# REQUIREMENT
If a record holds a picture, drop the picture and return the rest of the record word for word.

# Records contained in a dataset

========

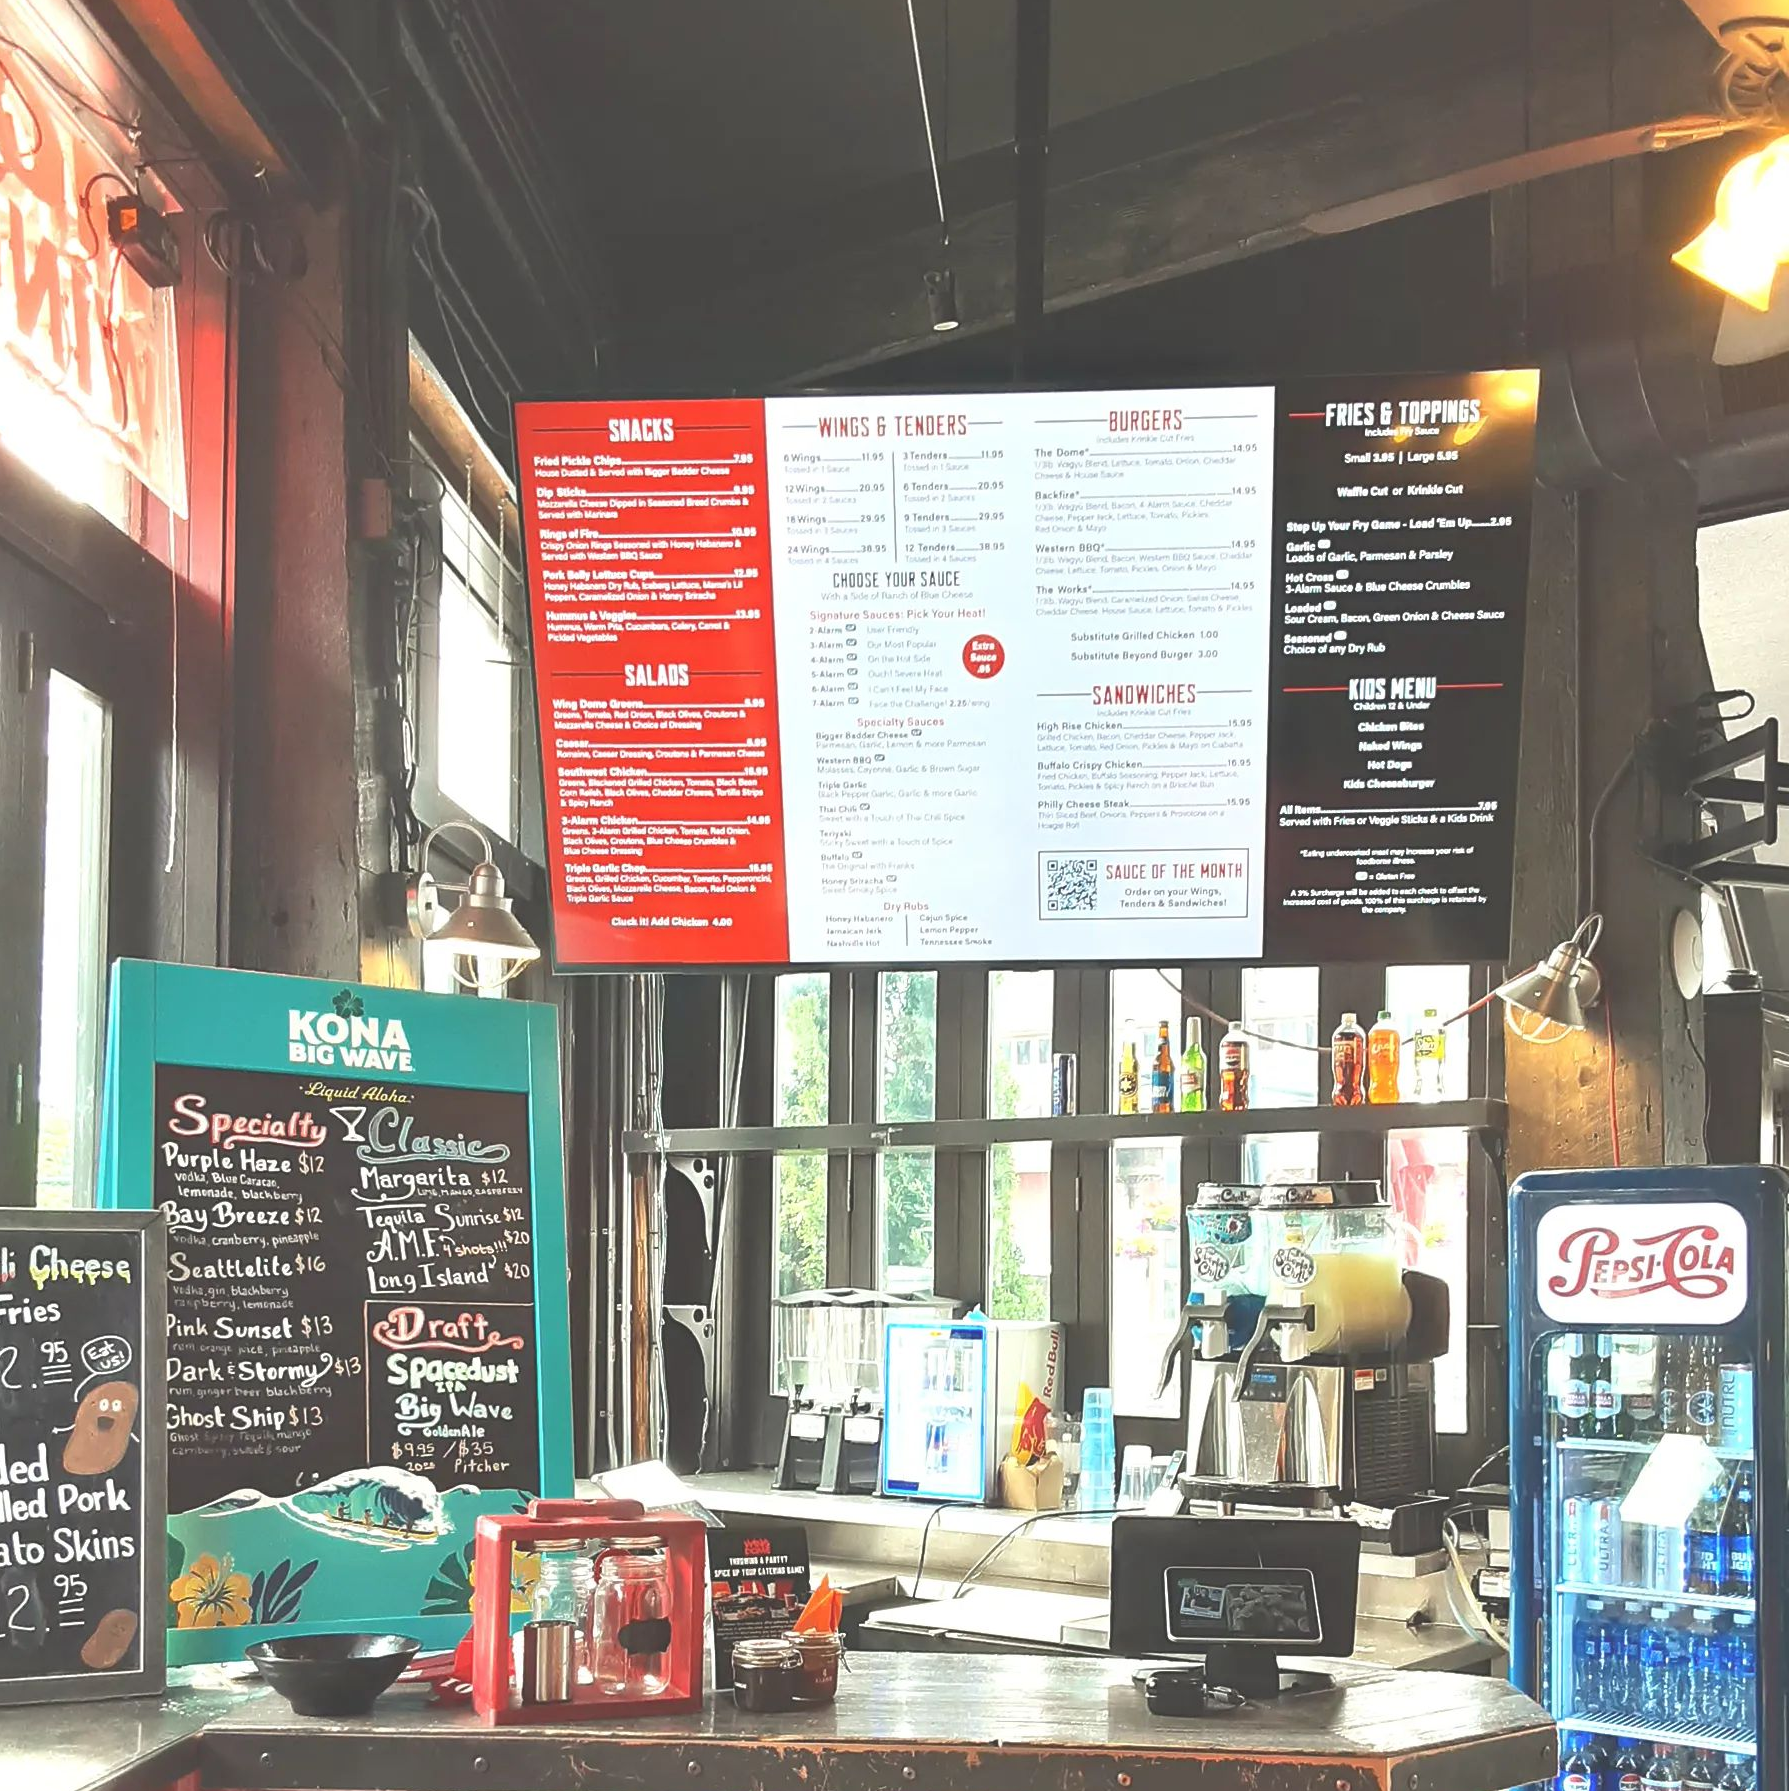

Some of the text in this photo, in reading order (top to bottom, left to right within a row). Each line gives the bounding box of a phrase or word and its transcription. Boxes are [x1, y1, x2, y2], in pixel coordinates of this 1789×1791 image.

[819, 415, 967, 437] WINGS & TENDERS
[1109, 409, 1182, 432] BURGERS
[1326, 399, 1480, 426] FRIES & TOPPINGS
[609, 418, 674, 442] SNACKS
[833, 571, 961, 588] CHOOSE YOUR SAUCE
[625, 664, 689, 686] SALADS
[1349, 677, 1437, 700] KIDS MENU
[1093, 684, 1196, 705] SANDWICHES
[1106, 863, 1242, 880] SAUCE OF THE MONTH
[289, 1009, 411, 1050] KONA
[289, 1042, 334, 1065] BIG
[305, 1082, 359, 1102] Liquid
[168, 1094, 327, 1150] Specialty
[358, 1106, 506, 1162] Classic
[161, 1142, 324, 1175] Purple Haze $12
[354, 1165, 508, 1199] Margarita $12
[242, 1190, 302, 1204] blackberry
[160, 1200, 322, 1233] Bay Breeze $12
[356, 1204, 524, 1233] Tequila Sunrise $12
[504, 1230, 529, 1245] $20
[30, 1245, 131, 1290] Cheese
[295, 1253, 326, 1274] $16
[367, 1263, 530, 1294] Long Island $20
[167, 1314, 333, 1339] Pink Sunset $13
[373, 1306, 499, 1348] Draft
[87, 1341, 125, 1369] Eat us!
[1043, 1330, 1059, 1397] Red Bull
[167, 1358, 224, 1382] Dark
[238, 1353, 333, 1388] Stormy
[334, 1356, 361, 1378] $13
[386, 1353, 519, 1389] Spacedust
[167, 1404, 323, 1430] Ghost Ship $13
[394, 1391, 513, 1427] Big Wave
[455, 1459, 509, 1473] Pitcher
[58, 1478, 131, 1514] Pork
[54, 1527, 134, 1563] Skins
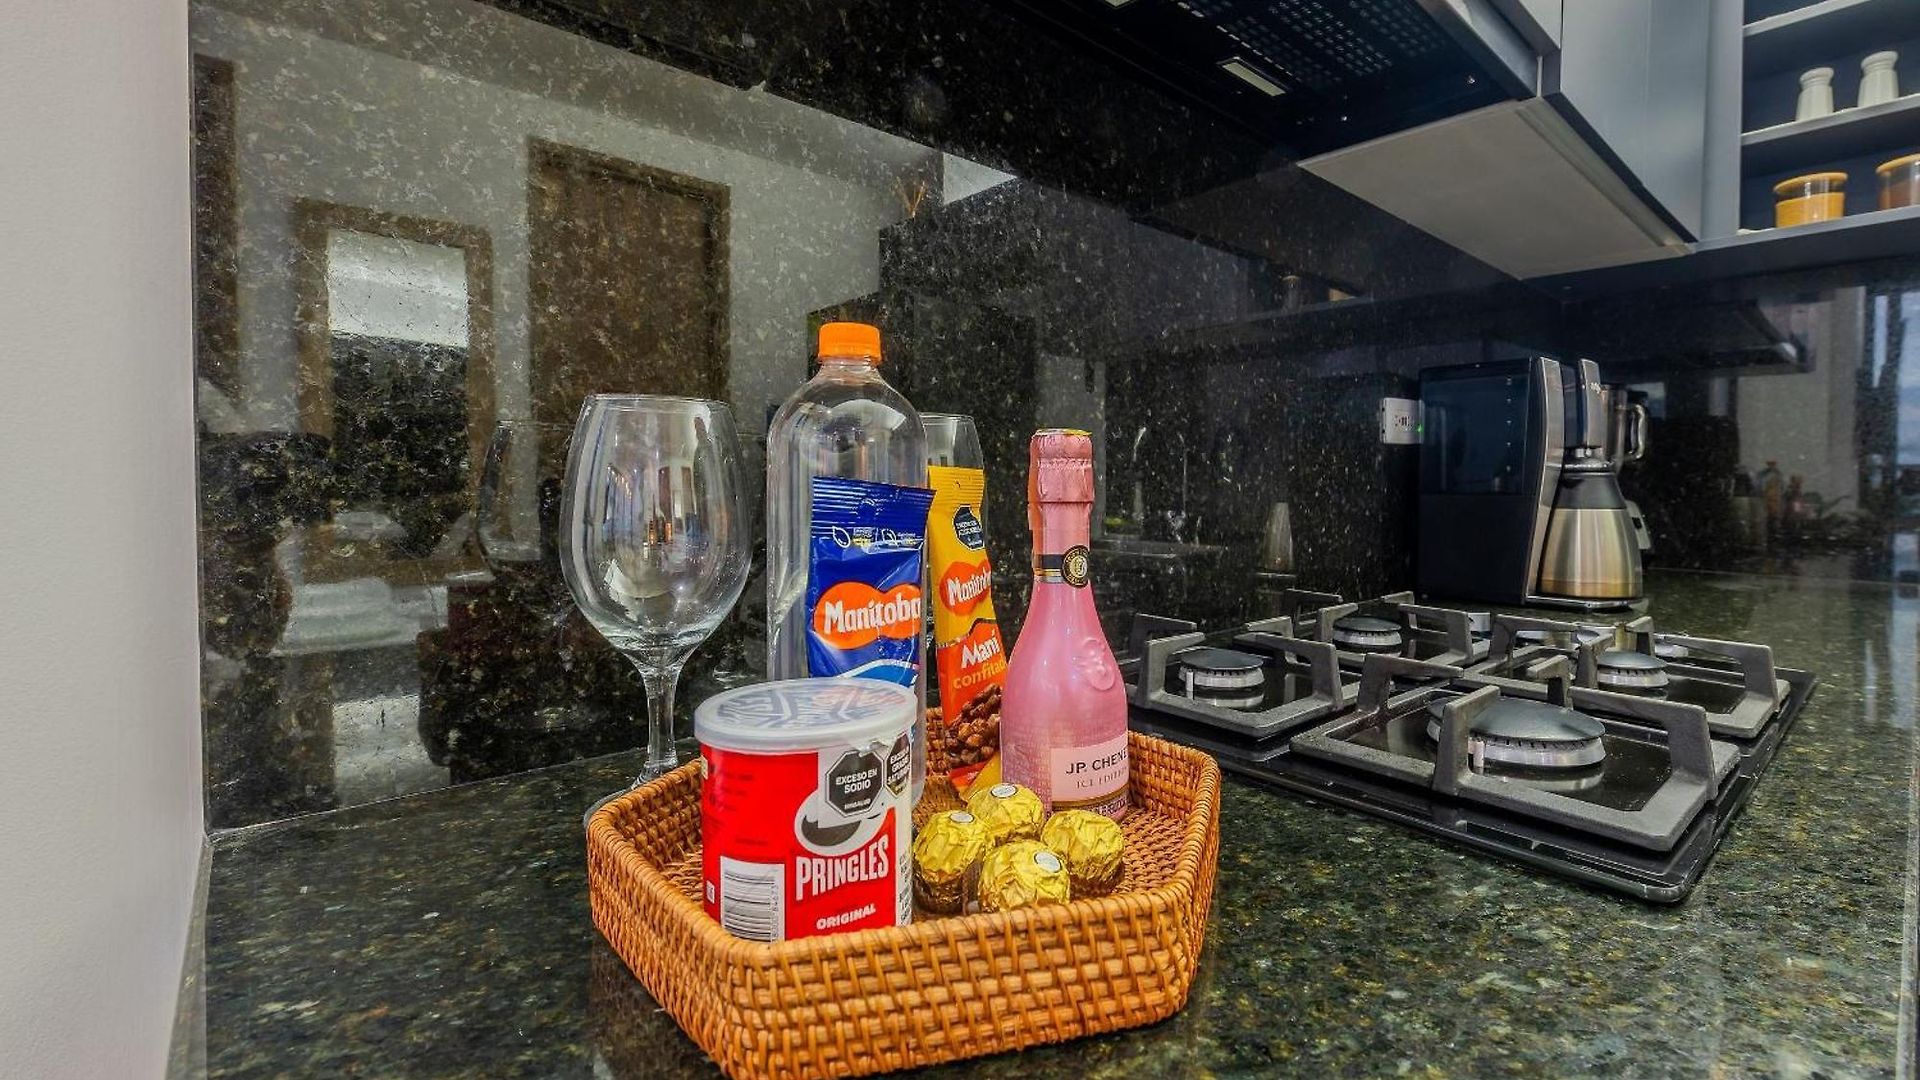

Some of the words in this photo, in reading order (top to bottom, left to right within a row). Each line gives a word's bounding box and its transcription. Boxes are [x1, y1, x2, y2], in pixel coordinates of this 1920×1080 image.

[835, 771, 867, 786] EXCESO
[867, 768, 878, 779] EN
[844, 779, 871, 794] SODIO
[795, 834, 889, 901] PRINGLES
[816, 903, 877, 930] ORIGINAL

========

# EXERCISE OUTPUT
Some of the text in this photo, in reading order (top to bottom, left to right within a row). Each line gives the bounding box of a phrase or word and its transcription. Boxes are [x1, y1, x2, y2], in pixel coordinates of this 1789×1791 image.

[819, 415, 967, 437] WINGS & TENDERS
[1109, 409, 1182, 432] BURGERS
[1326, 399, 1480, 426] FRIES & TOPPINGS
[609, 418, 674, 442] SNACKS
[833, 571, 961, 588] CHOOSE YOUR SAUCE
[625, 664, 689, 686] SALADS
[1349, 677, 1437, 700] KIDS MENU
[1093, 684, 1196, 705] SANDWICHES
[1106, 863, 1242, 880] SAUCE OF THE MONTH
[289, 1009, 411, 1050] KONA
[289, 1042, 334, 1065] BIG
[305, 1082, 359, 1102] Liquid
[168, 1094, 327, 1150] Specialty
[358, 1106, 506, 1162] Classic
[161, 1142, 324, 1175] Purple Haze $12
[354, 1165, 508, 1199] Margarita $12
[242, 1190, 302, 1204] blackberry
[160, 1200, 322, 1233] Bay Breeze $12
[356, 1204, 524, 1233] Tequila Sunrise $12
[504, 1230, 529, 1245] $20
[30, 1245, 131, 1290] Cheese
[295, 1253, 326, 1274] $16
[367, 1263, 530, 1294] Long Island $20
[167, 1314, 333, 1339] Pink Sunset $13
[373, 1306, 499, 1348] Draft
[87, 1341, 125, 1369] Eat us!
[1043, 1330, 1059, 1397] Red Bull
[167, 1358, 224, 1382] Dark
[238, 1353, 333, 1388] Stormy
[334, 1356, 361, 1378] $13
[386, 1353, 519, 1389] Spacedust
[167, 1404, 323, 1430] Ghost Ship $13
[394, 1391, 513, 1427] Big Wave
[455, 1459, 509, 1473] Pitcher
[58, 1478, 131, 1514] Pork
[54, 1527, 134, 1563] Skins

Some of the words in this photo, in reading order (top to bottom, left to right within a row). Each line gives a word's bounding box and its transcription. Boxes are [x1, y1, x2, y2], in pixel coordinates of this 1920×1080 image.

[835, 771, 867, 786] EXCESO
[867, 768, 878, 779] EN
[844, 779, 871, 794] SODIO
[795, 834, 889, 901] PRINGLES
[816, 903, 877, 930] ORIGINAL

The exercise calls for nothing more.